To enroll, go to: http://summer.berkeley.edu

SESSION A

GWS 100AC— LIBERATING THE PAST:  GENDER & SEXUALITY IN THE SOCIAL MOVEMENTS OF THE 60’s AND 70’s
TWTh 1:00-3:30PM/ CLASS#: 12517
Michelle Koerner/ GWS Lecturer

This course offers students an opportunity to engage primary documents (documentaries, manifestos, poetry, and underground press) from the Women’s and Gay Liberation Movements of the late 1960s and early 1970s. Situating these movements in relation to the Civil Rights Movement and the Anti-Vietnam War Protests, as well as the radical student movements of the decade (SDS and SNCC), course materials focus on the specific way issues of sex and gender emerged out of the social movements of the earlier 1960s. Selected course materials place considerable emphasis on race and ethnicity in these movement contexts. Over the course of the semester we will study the work of Black Feminists associated with the Combahee River Collective, the emergence of Chicana feminism, the STAR collective, as well as the antagonism emerging within the more mainstream Women’s Liberation Movement along lines of race, class, and sexuality. Finally, we will consider how our investigations of these histories—including our access to them through digital archives, recent films, online platforms, and contemporary historical scholarship—might reframe and further inform our sense of the importance of gender and sexuality within liberation movements taking shape today.

GWS 111.1— DEVIANT BODIES
TWTh 9:30am – 12pm/CLASS#: 12896
Fuifuilupe Niumeitolu/
GWS Lecturer

In this class, we will examine how the ‘deviant body’ is produced and demarcated as a corporal body and a social-political necessity for capitalism. In specific, we will explore how this same ‘deviant body’ is racialized, pathologized, and gendered thereby legitimizing the category of the Native Other in opposition to the ideology of White heteronormativity. An examination of the linear progression of British/European imperial medicine to contemporary Western biomedicine will help us make visible the ideology, technologies and apparatus needed in the formation of difference as they relate to the corporeal body. A very specific area of inquiry will be how discursive practices of knowledge production and language produce categories of bodies that become pathologized as a means of marginalization.

 SESSION C

GWS 130AC – GENDER, RACE, NATION AND HEALTH
ONLINE/CLASS#: 15367

Examines the role of gender in health care status, in definitions and experiences of health, and in practices of medicine. Feminist perspectives on health care disparities, the medicalization of society, and transnational processes relating to health. Gender will be considered in dynamic interaction with race, ethnicity, sexuality, immigration status, religion, nation, age, and disability, and in both urban and rural settings.

SESSION D

GWS 10—INTRODUCTION TO GENDER AND WOMEN’S STUDIES
TTH 10:00am – 12pm/ CLASS#:  12516
Discussion Section CLASS#:  W 1:30-3:30/ CLASS# 12543
 GWS Lecturer

Introduction to questions and concepts in gender and women’s studies. Critical study of the formation of gender and its intersections with other relations of power, such as sexuality, racialization, class, religion, and age.  Questions will be addressed within the context of a transnational world. Emphasis of the course will change depending on the instructor.
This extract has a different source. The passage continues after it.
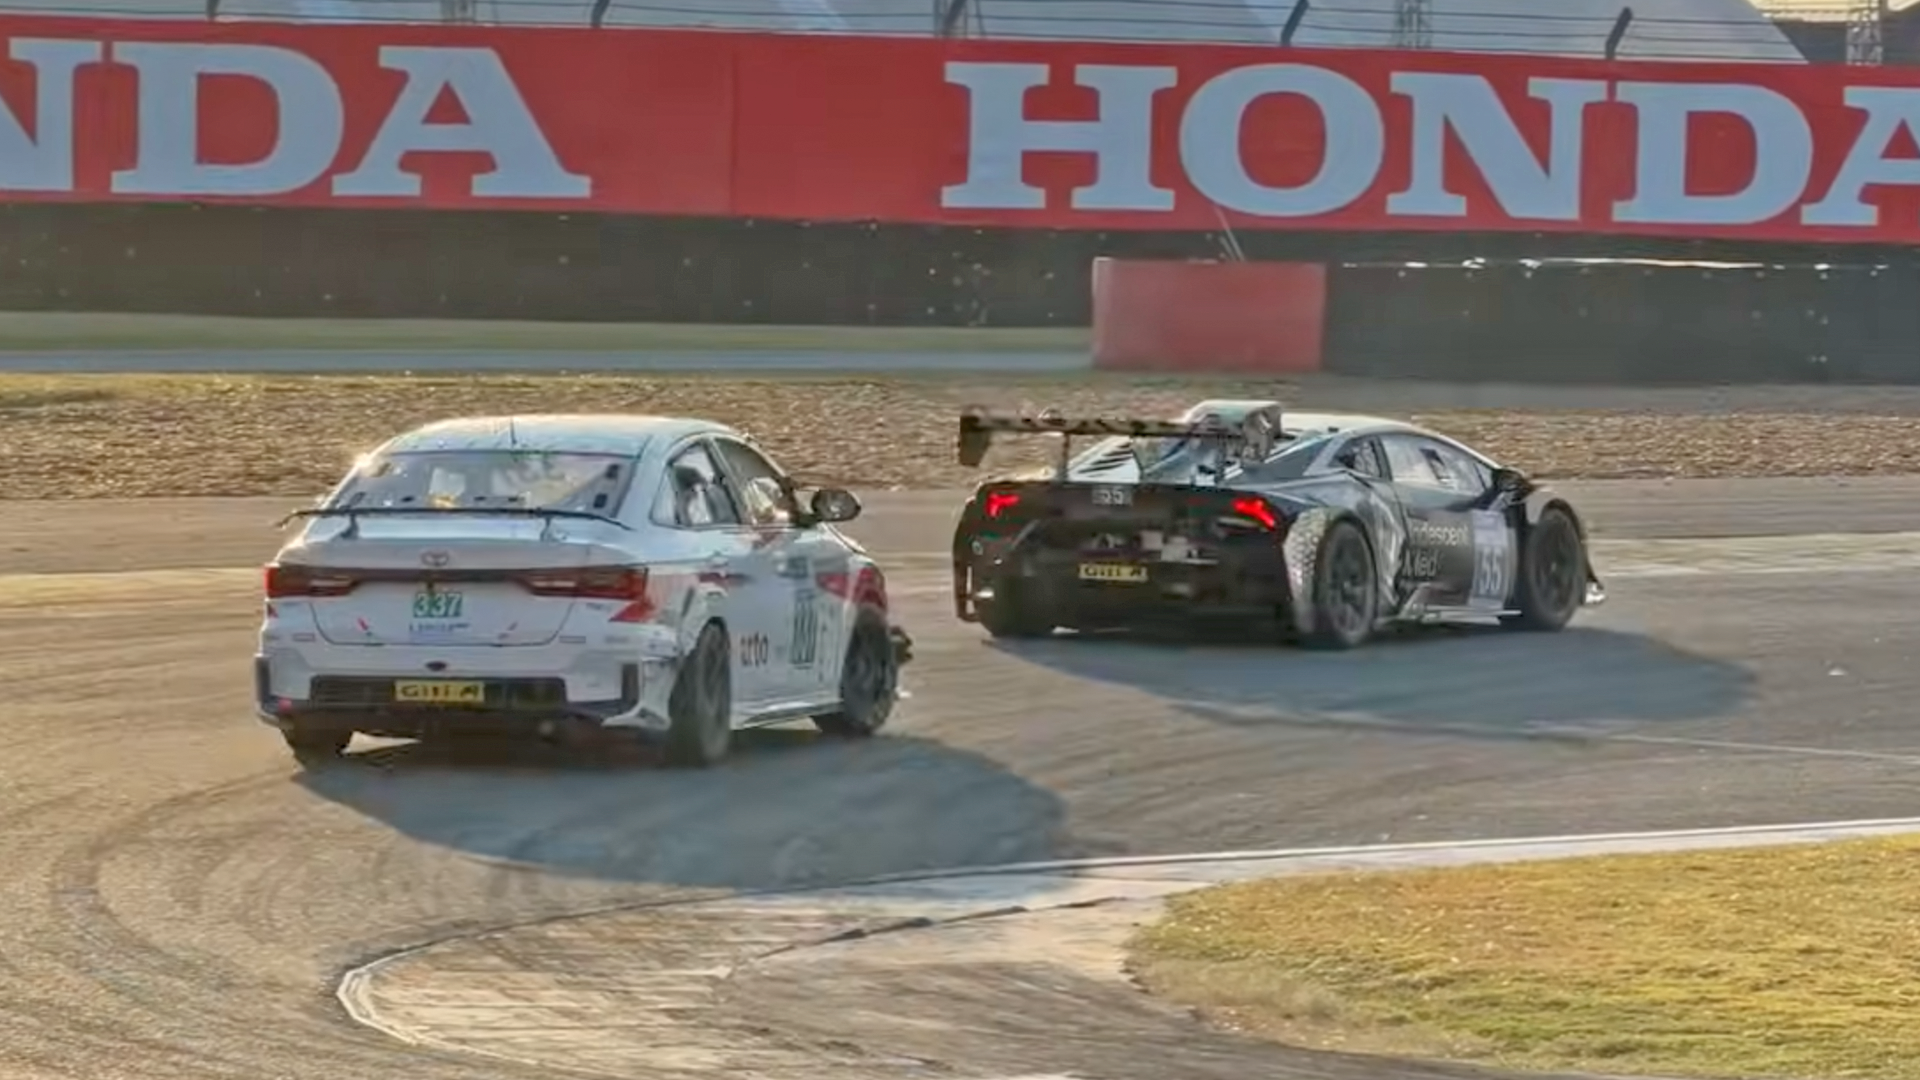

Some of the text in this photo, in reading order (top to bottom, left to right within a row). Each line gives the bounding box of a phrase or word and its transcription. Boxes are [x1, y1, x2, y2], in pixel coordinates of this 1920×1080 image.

GWS 111.2— “WHAT IS QUEER?” INTRODUCTION TO QUEER THEORY AND CRITICAL RACE THEORY
TWTh 9:30am – 12pm/CLASS#:  12671
Fuifuilupe Niumeitolu/GWS Lecturer

In this course through film, readings, and discussion using an interdisciplinary analysis, we will interrogate how Settler Colonialism, Race, Gender, and Identity shape and inform the question “What is Queer?”. Students will be introduced to critical queer and race theory and transnational feminism as we consider the impact of institutional, structural, and individual systems of oppression that impact identity formations. During this class, we will also take up the discursive discourse that produces binary categories such as Heteronormativity and Homonormativity. Finally, students will discover key terms that will help in understanding the discipline of Queer Studies.

 

Bookmark the permalink.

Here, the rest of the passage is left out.